With this aim, in order to conduct proper business management, the Company continuously endeavors to enhance its corporate governance by securing corporate ethics and legal compliance, promoting sincere, fair and transparent business management, and increasing the rigor of its internal control and risk management.

Recognizing that enhancement of corporate governance is one of the key management issues, the Company will engage in initiatives to achieve sustainable growth and raise mid- to long-term corporate value, such as improving the agility, soundness and transparency of management, in order to meet stakeholders' expectations.

Of note, the Company's basic views on corporate governance, the operation policy and other matters related to corporate governance are stipulated in the "Basic Policy on Corporate Governance" and disclosed on the Company's website. Please refer to the following URL. https://www.tohoku-epco.co.jp/ir/policy/governance/index.html

[Reasons for Non-compliance with the Principles of the Corporate Governance Code]

=============================================================================

= In regard to [Supplementary Principle 1.1.1 Analysis of causes of opposing votes], the analysis had not yet been conducted by the Board of Directors and thus a disclosure to that effect was made in the report disclosed on December 8, 2015. At the meeting of the Board of Directors held in February 2016, the results of analysis of the exercise of voting rights were reported, and the necessity of responding to shareholders was examined. As similar efforts will continue to be made in the future, said disclosure was deleted from this column in the report disclosed on March 8, 2016.

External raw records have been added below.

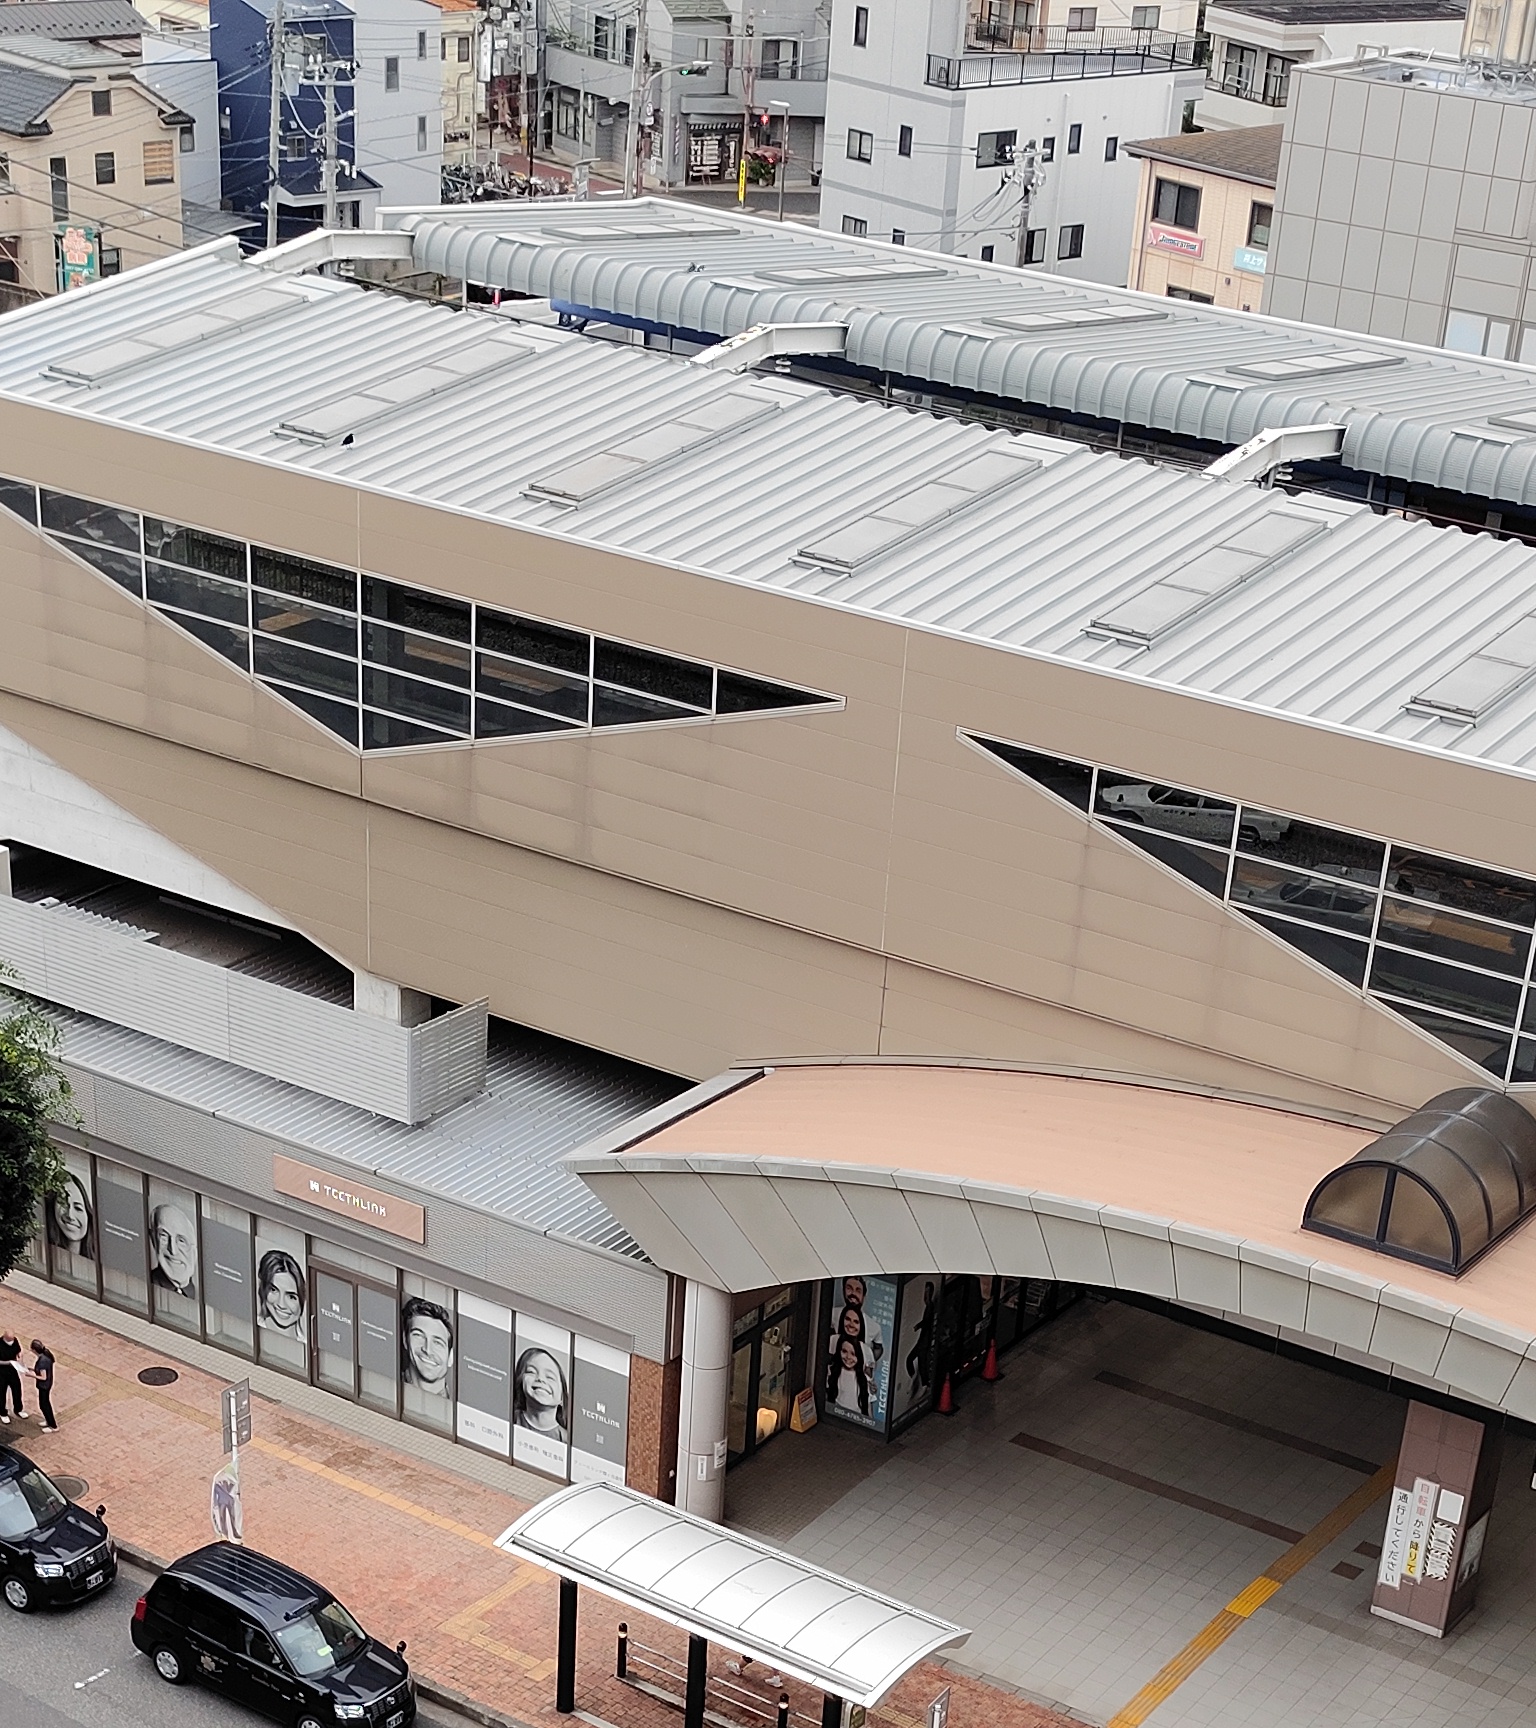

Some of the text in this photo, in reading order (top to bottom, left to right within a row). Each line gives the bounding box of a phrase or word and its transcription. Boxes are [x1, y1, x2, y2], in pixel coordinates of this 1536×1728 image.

[1385, 1491, 1409, 1582] 通行してください
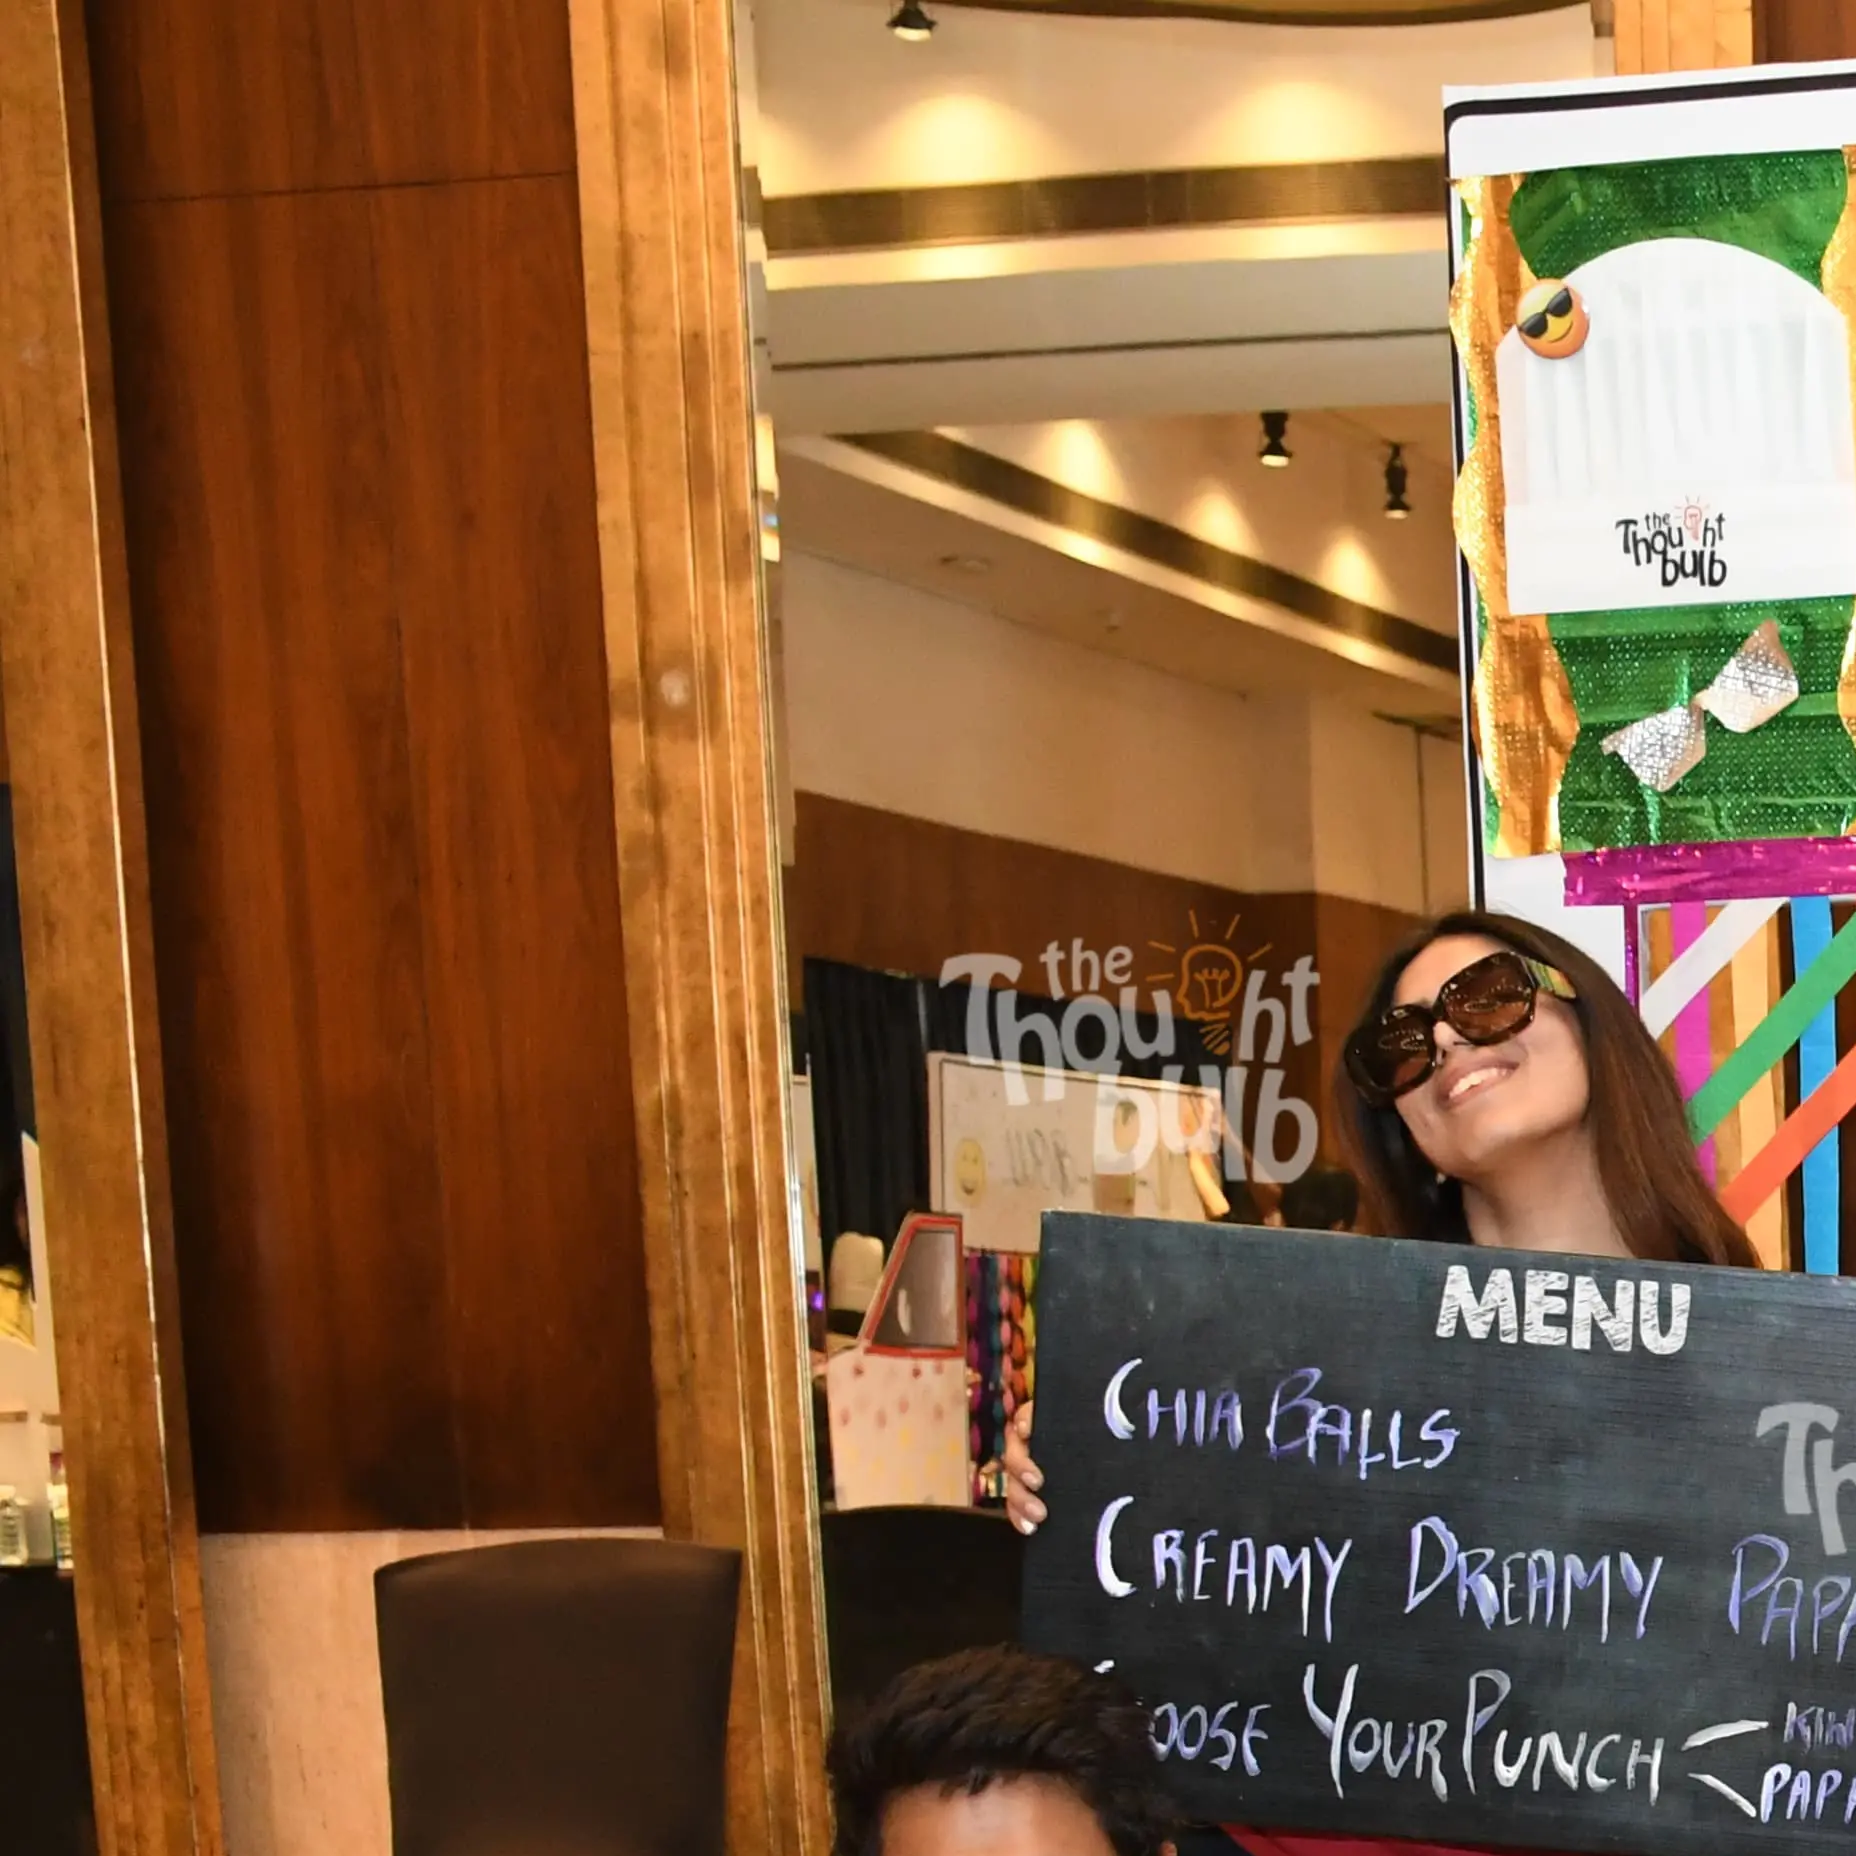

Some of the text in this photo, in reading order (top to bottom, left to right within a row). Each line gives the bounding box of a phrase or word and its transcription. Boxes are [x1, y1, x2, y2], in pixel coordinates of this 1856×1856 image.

[1645, 512, 1672, 531] the
[1662, 546, 1728, 588] bulb
[1436, 1264, 1691, 1354] MENU
[1101, 1358, 1459, 1480] CHIA BALLS
[1094, 1495, 1352, 1644] CREAMY
[1403, 1515, 1664, 1644] DREAMY
[1302, 1661, 1448, 1803] YOUR
[1464, 1667, 1666, 1806] PUNCH
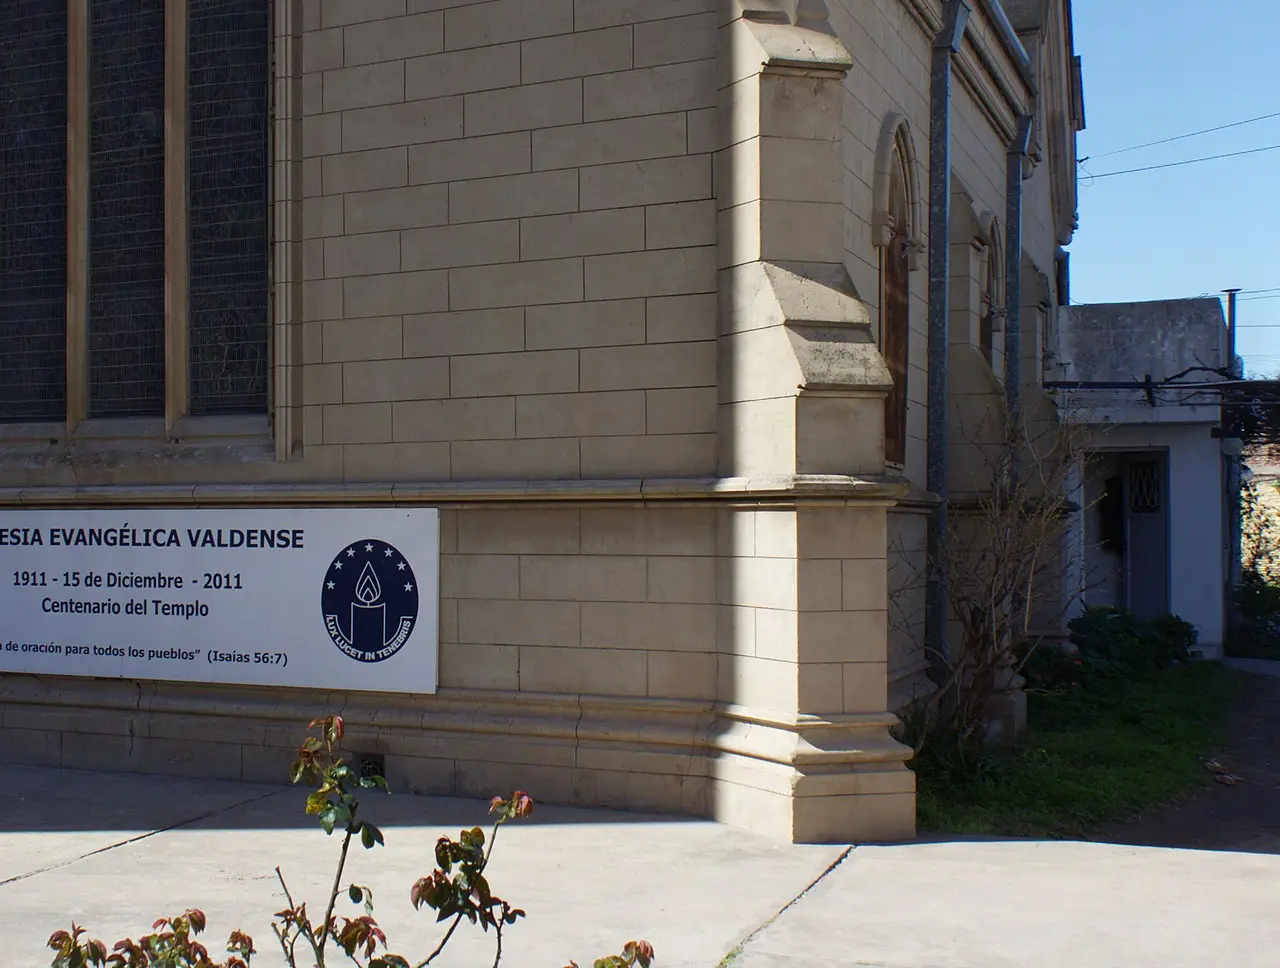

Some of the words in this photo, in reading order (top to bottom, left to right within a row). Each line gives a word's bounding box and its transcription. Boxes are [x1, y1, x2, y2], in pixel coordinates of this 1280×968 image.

[50, 523, 180, 547] EVANGÉLICA
[187, 529, 304, 548] VALDENSE
[13, 571, 47, 586] 1911
[63, 572, 80, 587] 15
[84, 572, 102, 587] de
[107, 572, 183, 588] Diciembre
[203, 573, 242, 589] 2011
[42, 597, 120, 615] Centenario
[125, 599, 147, 615] del
[152, 600, 209, 620] Templo
[326, 616, 339, 637] LUX
[334, 636, 363, 659] LUCET
[365, 652, 375, 660] IN
[376, 620, 411, 658] TENEBRIS
[5, 640, 19, 652] de
[65, 646, 90, 656] para
[93, 645, 125, 657] todos
[128, 646, 145, 658] los
[207, 650, 250, 664] (Isaías
[254, 652, 288, 667] 56:7)
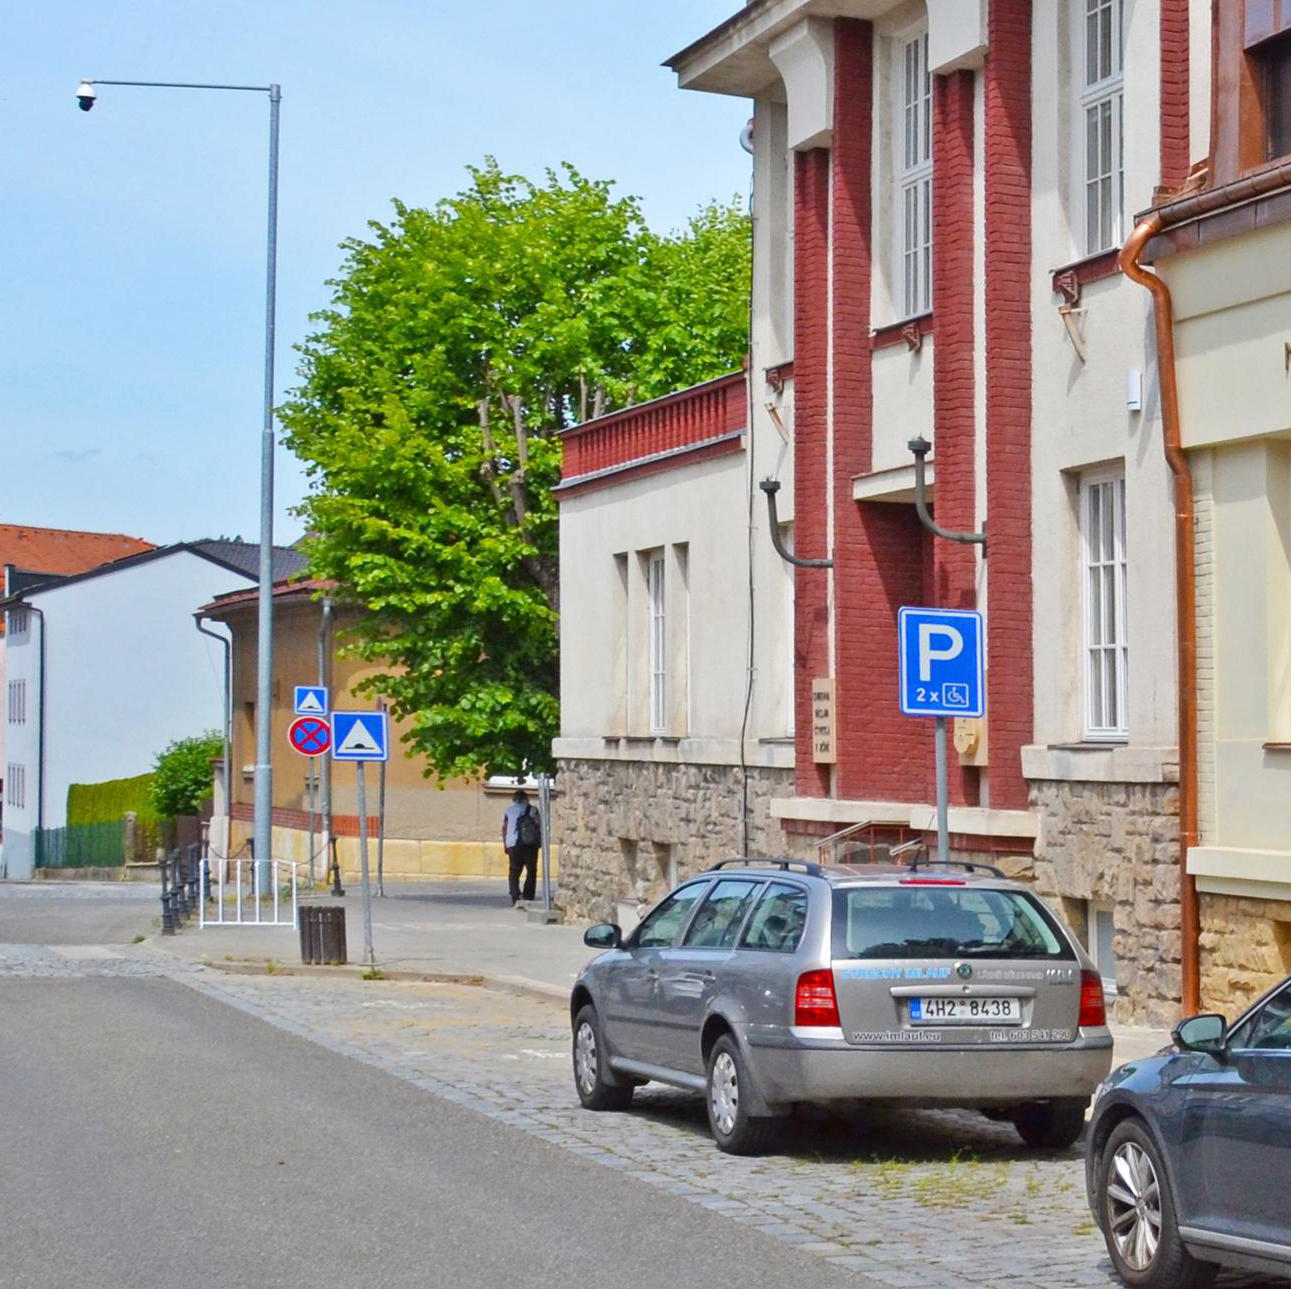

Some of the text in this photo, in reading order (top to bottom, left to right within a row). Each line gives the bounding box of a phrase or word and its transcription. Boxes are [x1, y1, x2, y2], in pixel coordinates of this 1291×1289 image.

[918, 623, 964, 682] P
[925, 999, 1012, 1016] 4H2 8438
[852, 1030, 942, 1041] www.imlauf.eu

  • In regard to [Principle 1.4 Cross-Shareholdings], examination concerning major cross-shareholdings had not yet been conducted by the Board of Directors and thus a disclosure to that effect was made in the report disclosed on December 8, 2015. At the meeting of the Board of Directors held in February 2016, the mid- to long-term economic rationale and future outlook of major cross-shareholdings were examined, taking into consideration associated risks and returns, etc. As similar efforts will continue to be made in the future, said disclosure was deleted from this column in the report disclosed on March 8, 2016.
    • 1 -
  • In regard to [Supplementary Principle 1.2.4 Use of the Electronic Voting Platform and the provision of English translations of the convening notices of general shareholder meeting], the convening notice had not yet been translated into English and thus a disclosure to that effect was made in the report disclosed on December 8, 2015. Since the 92nd Ordinary General Meeting of Shareholders held in 2016, the English version of the convening notice (brief version) and reference documents for the General Meeting of Shareholders have been posted on the Electronic Voting Platform. As translation into English will continue in the future, said disclosure was deleted from this column in the report disclosed on July 6, 2016.
  • In regard to [Principle 4.8 Effective Use of Independent Directors], multiple Independent Directors had not yet been elected and thus a disclosure to that effect was made in the report disclosed on December 8, 2015. At the 92nd Ordinary General Meeting of Shareholders held in 2016, two Independent Directors were appointed, so said disclosure was deleted from this column in this report disclosed on July 6, 2016.
    =============================================================================
    =
    The Company complies with every principle of Japan's Corporate Governance Code revised in June 2018.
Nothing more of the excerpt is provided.